Work to be completed ->
Your output should be the records below, word for word and picture-free.
** Opening Records to use block **
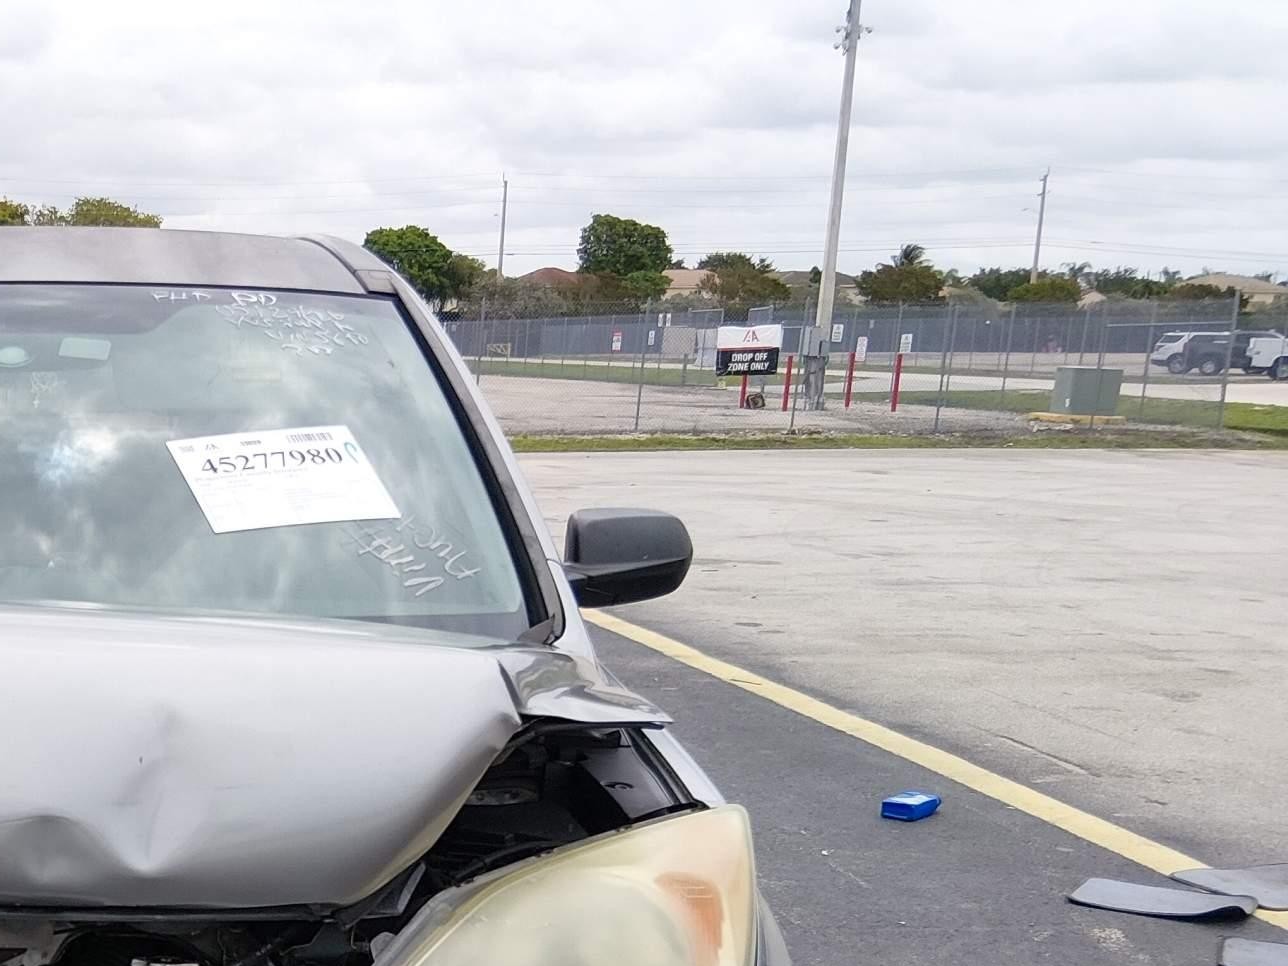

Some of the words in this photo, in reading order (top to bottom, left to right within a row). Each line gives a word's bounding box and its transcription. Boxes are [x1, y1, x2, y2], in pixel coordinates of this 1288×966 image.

[732, 353, 753, 362] DROP
[754, 352, 768, 361] OFF
[727, 362, 749, 371] ZONE
[750, 362, 769, 371] ONLY
[201, 446, 343, 475] 45277980
** Closing Records to use block **
Answer space ->
Some of the words in this photo, in reading order (top to bottom, left to right within a row). Each line gives a word's bounding box and its transcription. Boxes are [x1, y1, x2, y2], in pixel coordinates of this 1288×966 image.

[732, 353, 753, 362] DROP
[754, 352, 768, 361] OFF
[727, 362, 749, 371] ZONE
[750, 362, 769, 371] ONLY
[201, 446, 343, 475] 45277980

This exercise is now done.